Here, R(s,a) is the immediate reward or cost, γ is the discount factor, and P(s'|s,a) is the probability of moving from state s to next state s' after taking action a.
Value iteration repeats the update until the largest change between consecutive value vectors falls below the chosen tolerance, or until the maximum iteration limit is reached.
How to Use This Calculator
- Enter the state names and the possible actions.
- Choose whether you want to maximize rewards or minimize costs.
- Set the discount factor, tolerance, and maximum iteration count.
- Type the reward matrix with one row per state and one column per action.
- Enter one transition matrix for each action. Each matrix must be state-by-state.
- Submit the form to view values, optimal policy, Q-values, iteration history, and downloadable exports.
FAQs
1. What does this solver calculate?
It computes the value function for each state, identifies the best action under the chosen objective, and shows Q-values and convergence history from value iteration.

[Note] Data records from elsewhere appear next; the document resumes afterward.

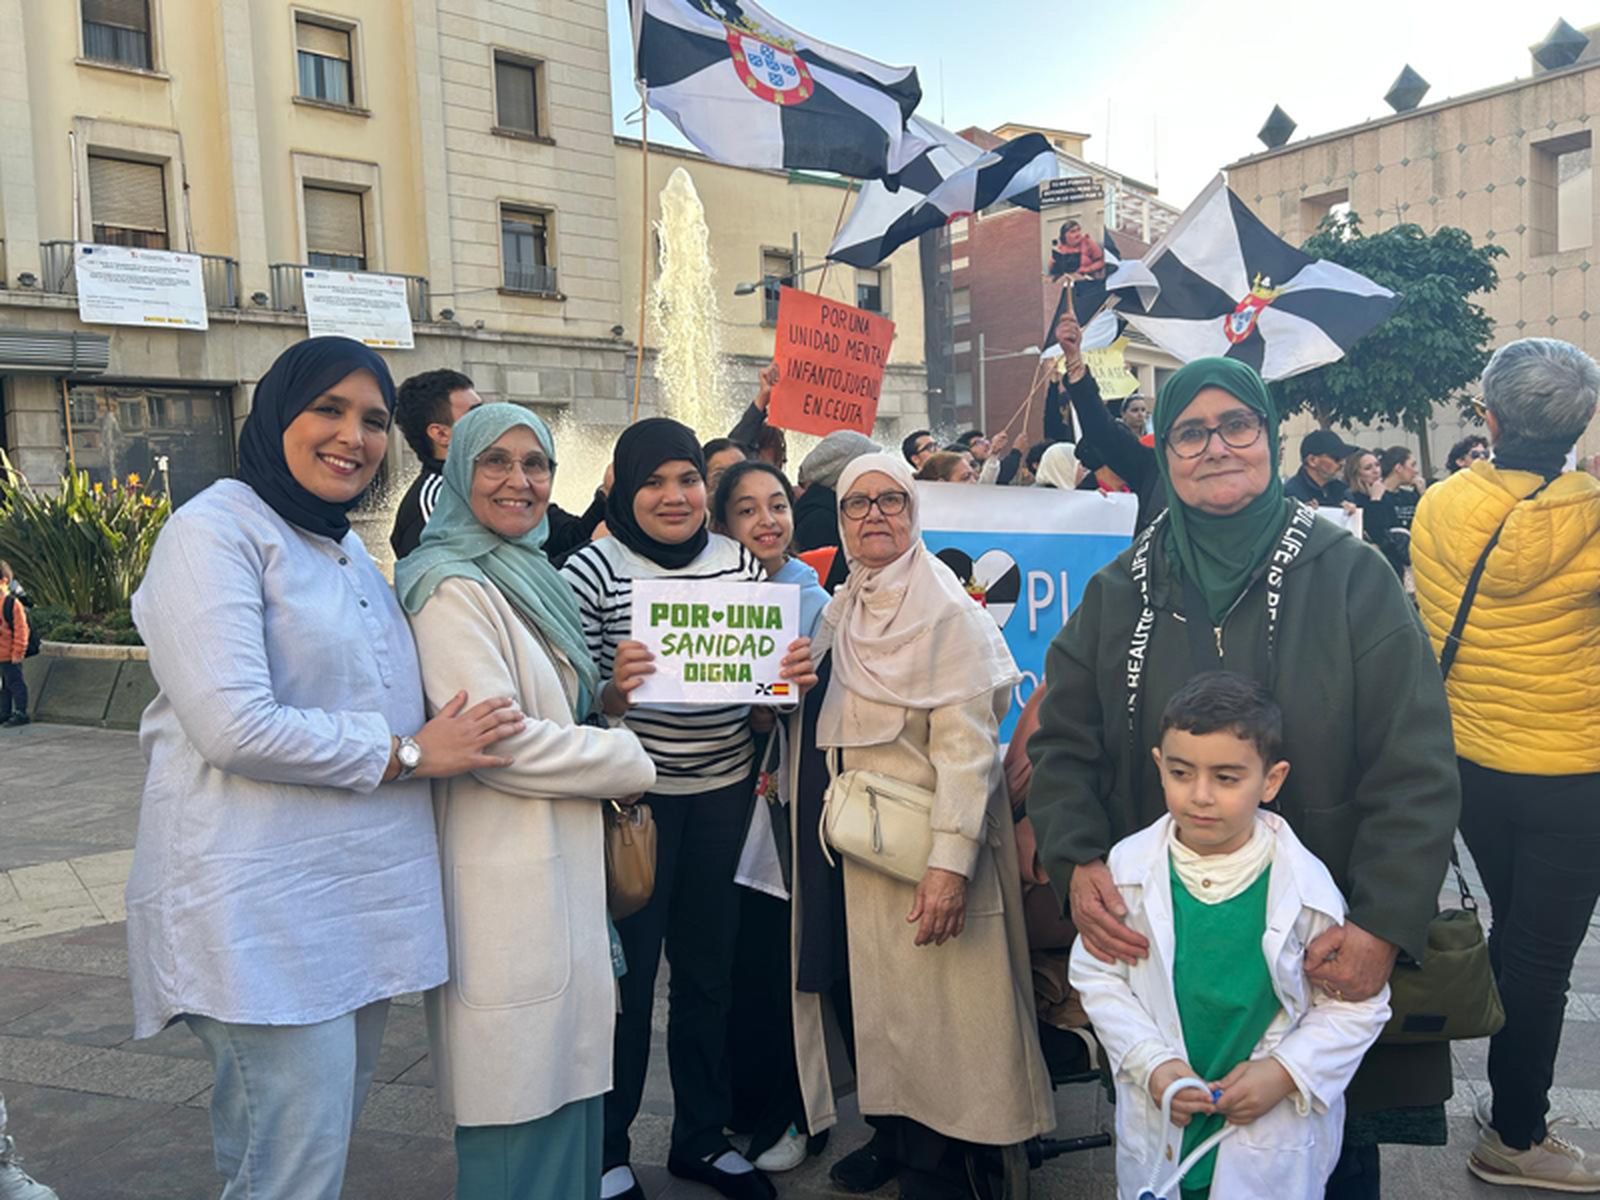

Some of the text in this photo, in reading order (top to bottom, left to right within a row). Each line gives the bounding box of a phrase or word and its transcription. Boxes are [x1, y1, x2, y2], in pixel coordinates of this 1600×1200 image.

[821, 305, 870, 335] POR UNA
[789, 324, 839, 353] UNIDAD
[803, 394, 863, 424] EN CEUTA
[1273, 527, 1307, 564] LIFE
[650, 603, 783, 629] POR UNA
[661, 632, 775, 660] SANIDAD
[684, 663, 752, 682] DIGNA
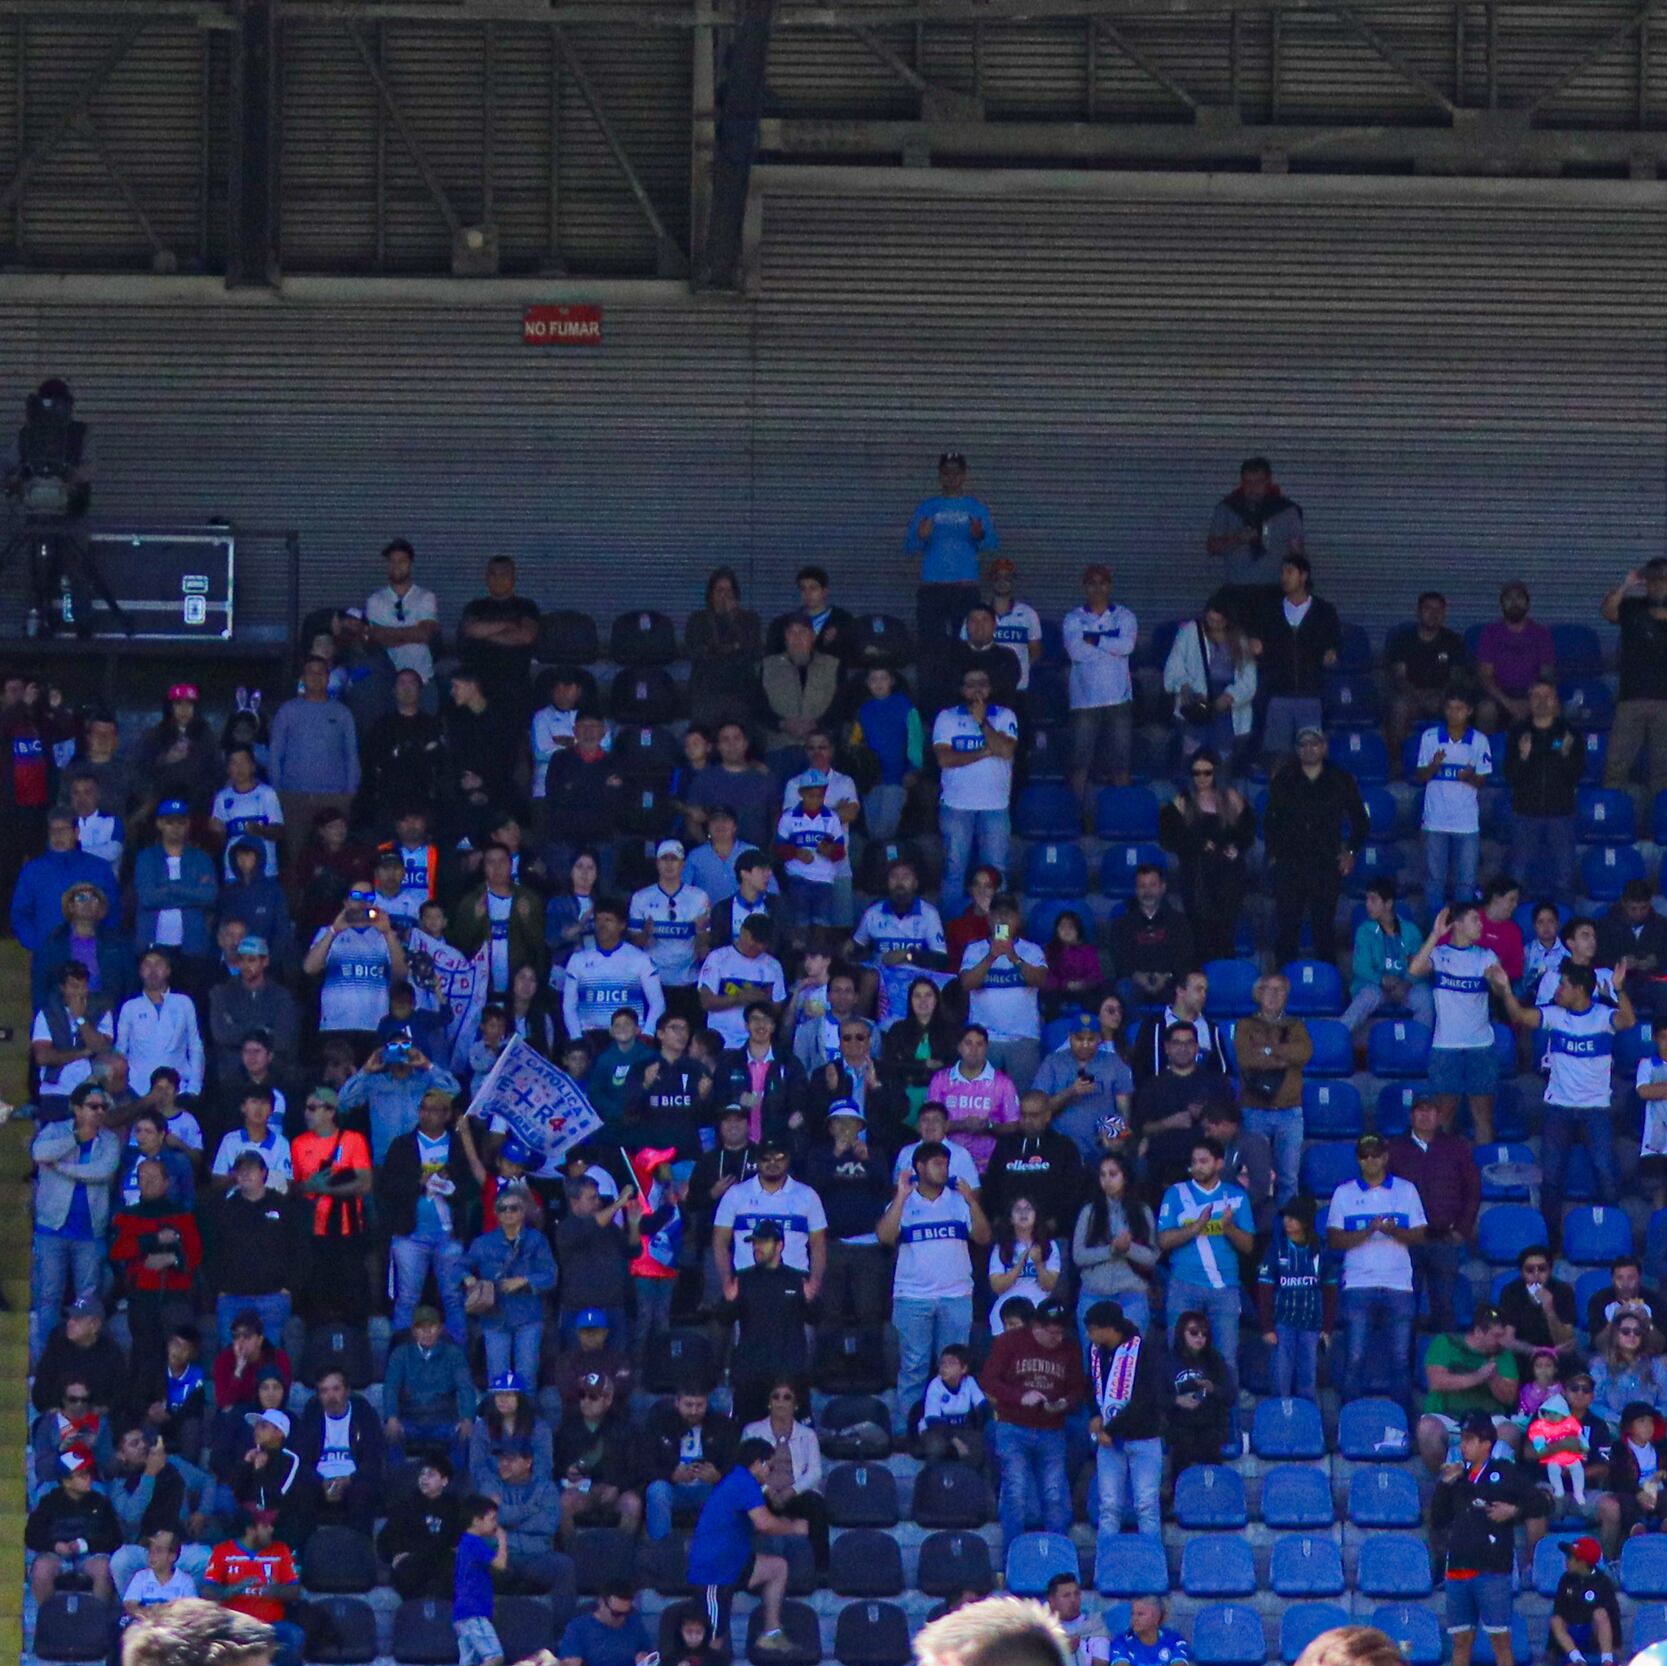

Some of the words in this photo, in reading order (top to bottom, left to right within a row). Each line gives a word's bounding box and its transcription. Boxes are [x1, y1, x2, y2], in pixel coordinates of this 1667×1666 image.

[525, 321, 546, 337] NO
[549, 321, 600, 337] FUMAR
[17, 739, 43, 753] BIC
[401, 871, 427, 885] BIC
[595, 989, 629, 1002] BICE
[1566, 1039, 1595, 1052] BICE
[660, 1094, 692, 1107] BICE
[959, 1095, 992, 1109] BICE
[1005, 1160, 1051, 1171] ellesse
[924, 1226, 956, 1239] BICE

2. What is the discount factor?
The discount factor weights future outcomes relative to immediate outcomes. Larger values place more emphasis on long-run consequences, while smaller values favor short-term results.
3. Why must each transition row sum to one?
Each row represents a full probability distribution over next states for a specific current state and action. Total probability must equal one for the model to be valid.
4. What is the difference between max and min objectives?
Max chooses actions with the highest expected discounted reward. Min chooses actions with the lowest expected discounted cost, which is useful for planning and control problems.
5. What does tolerance control?
Tolerance defines the stopping threshold. When the maximum change between two successive value vectors becomes smaller than this number, the algorithm stops.
6. Can I use negative rewards or costs?
Yes. Negative rewards, penalties, and mixed reward structures are allowed, provided the matrices remain numeric and the transition model is valid.
7. When should I enable automatic row normalization?
Enable it when your transition rows are slightly off because of rounding or manual entry. It rescales each row so the probabilities sum correctly.
8. Is this the same as reinforcement learning?
Not exactly. This tool solves a known model with explicit rewards and transitions. Reinforcement learning typically estimates good policies from sampled experience instead.